The course was 2.4 kilometers, again a loop, with some patches in black volcanic rock, ice, and, of course, snow.
I got an early lead on Mori and kept it for the full 60+ kilometers. I’d glance back every loop at least once and I’d see his yellow North Face cap. I’m pretty sure I’ll have a nightmare next week featuring that yellow hat.
By the time the last lap came, my hands were frozen and serious salt stains had slid down the sides of my eyes and nose—an indicator I was at the edge of my electrolytes. Any further and the day might’ve gone really bad.
The island was so windy that we couldn’t really celebrate much. They took an awkward photo with our medals around our necks, before we hustled onto the Zodiacs for our choppiest, wettest ride back to the ship of the week.
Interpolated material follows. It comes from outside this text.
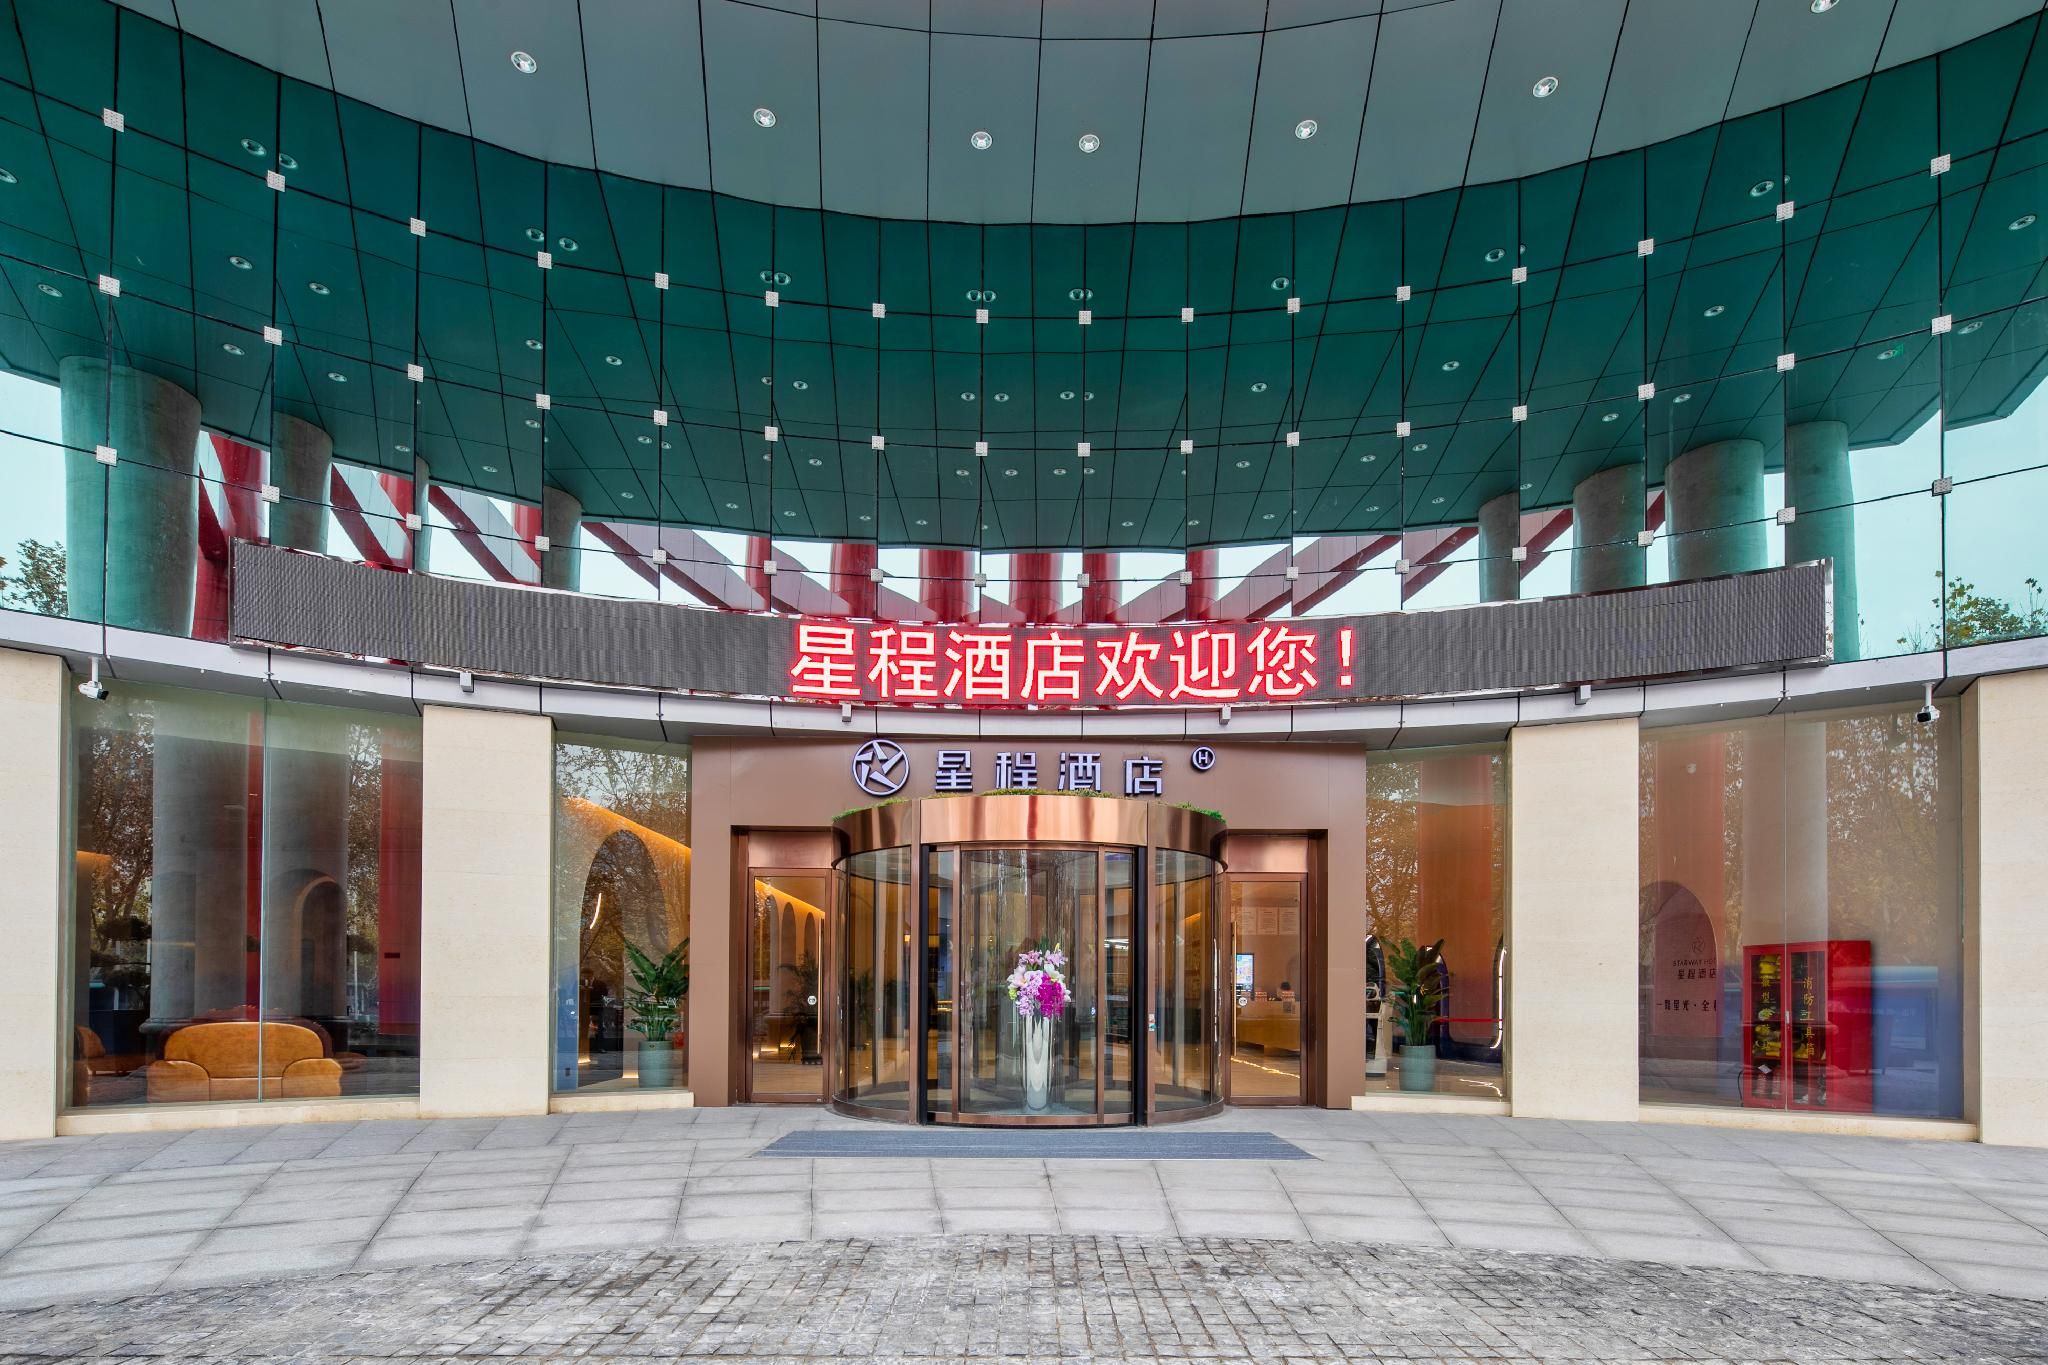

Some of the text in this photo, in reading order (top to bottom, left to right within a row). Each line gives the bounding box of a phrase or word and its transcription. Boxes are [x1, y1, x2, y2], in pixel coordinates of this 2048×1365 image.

[790, 625, 1352, 700] 星程酒店欢迎您!
[935, 749, 1163, 795] 星程酒店
[1678, 967, 1717, 980] 星程酒店
Now back to that “I won” nonsense. Of course I did the running. Still, if you’re reading this, I owe you some measure of thanks, if for no more than keeping tabs on this endeavor. This year has been quite an undertaking and I never would have made it without the support and faith and encouragement of so many like you. I’m genuinely sad at the fact that I can’t thank you all right now, directly, as you deserve. But I will certainly aim to do so in the coming weeks.
There’s one more thing I’d like to mention. It receives little attention but the accumulation can have an impact like snow rolling downhill. The well-placed and well-timed kind word.
I started this week with a message from a young man who wrote to tell me that my races have inspired him to donate his kidney, as I did. It’s hard to capture what that feels like other than to say—so good it made me want to live up to his generous estimation of me.
Then, over the course of this week, people who have watched me struggle and wither in the heat this year were so very kind this week. There are few spectators at these events, but one—Amelia from South Africa, who I told many times has now become my second favorite South African (behind Nelson Mandela)— at every lap, every opportunity, she’d say something to keep me going.
And sometimes the fellow competitors are just the best. Julita from Poland (once a competitor on Polish Ninja Warrior), Artur from Brazil, Simon from Britain, who would always say “go for it!,” and Mark from Atlanta, previously of Moscow, who’d always offer a “Rock n Roll, Matt!”
They gave me the nicest nudge when I needed it most, and add up enough of them, paired with so much support from afar, and if I could do it, I’d slice that medal into a million pieces and share it with you all.